Phrase grounding data:
=== Begin Enclosure ===

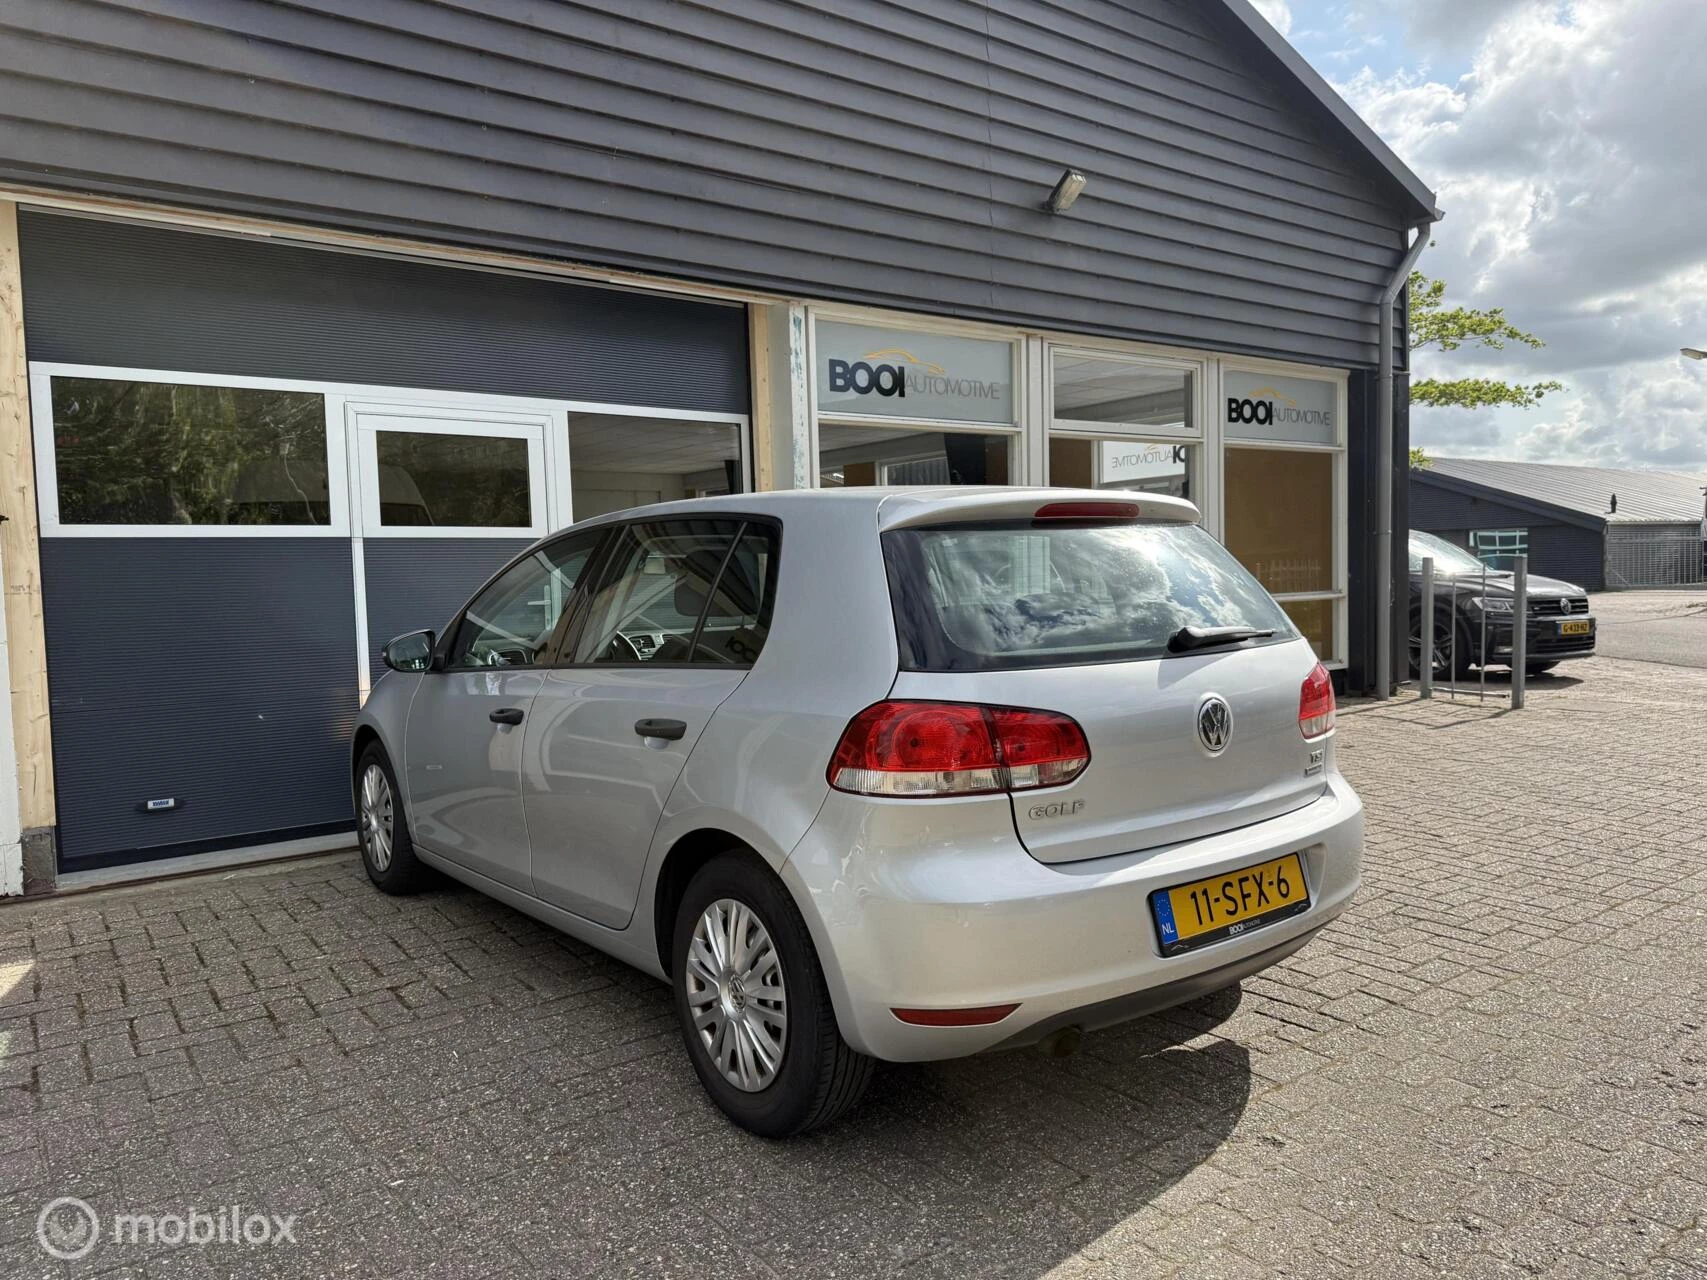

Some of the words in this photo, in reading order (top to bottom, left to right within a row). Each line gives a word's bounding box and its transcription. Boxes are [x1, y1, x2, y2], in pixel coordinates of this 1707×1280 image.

[828, 358, 906, 398] BOOI
[905, 372, 1001, 400] AUTOMOTIVE
[1227, 397, 1273, 426] BOOI
[1272, 408, 1332, 426] AUTOMOTIVE
[1028, 799, 1086, 821] GOLF
[1190, 865, 1290, 926] 11-SFX-6
[1161, 922, 1175, 935] NL

=== End Enclosure ===

- [Required work]:
Print the data exactly as written, dropping any images it holds.

- [Response]:
Some of the words in this photo, in reading order (top to bottom, left to right within a row). Each line gives a word's bounding box and its transcription. Boxes are [x1, y1, x2, y2], in pixel coordinates of this 1707×1280 image.

[828, 358, 906, 398] BOOI
[905, 372, 1001, 400] AUTOMOTIVE
[1227, 397, 1273, 426] BOOI
[1272, 408, 1332, 426] AUTOMOTIVE
[1028, 799, 1086, 821] GOLF
[1190, 865, 1290, 926] 11-SFX-6
[1161, 922, 1175, 935] NL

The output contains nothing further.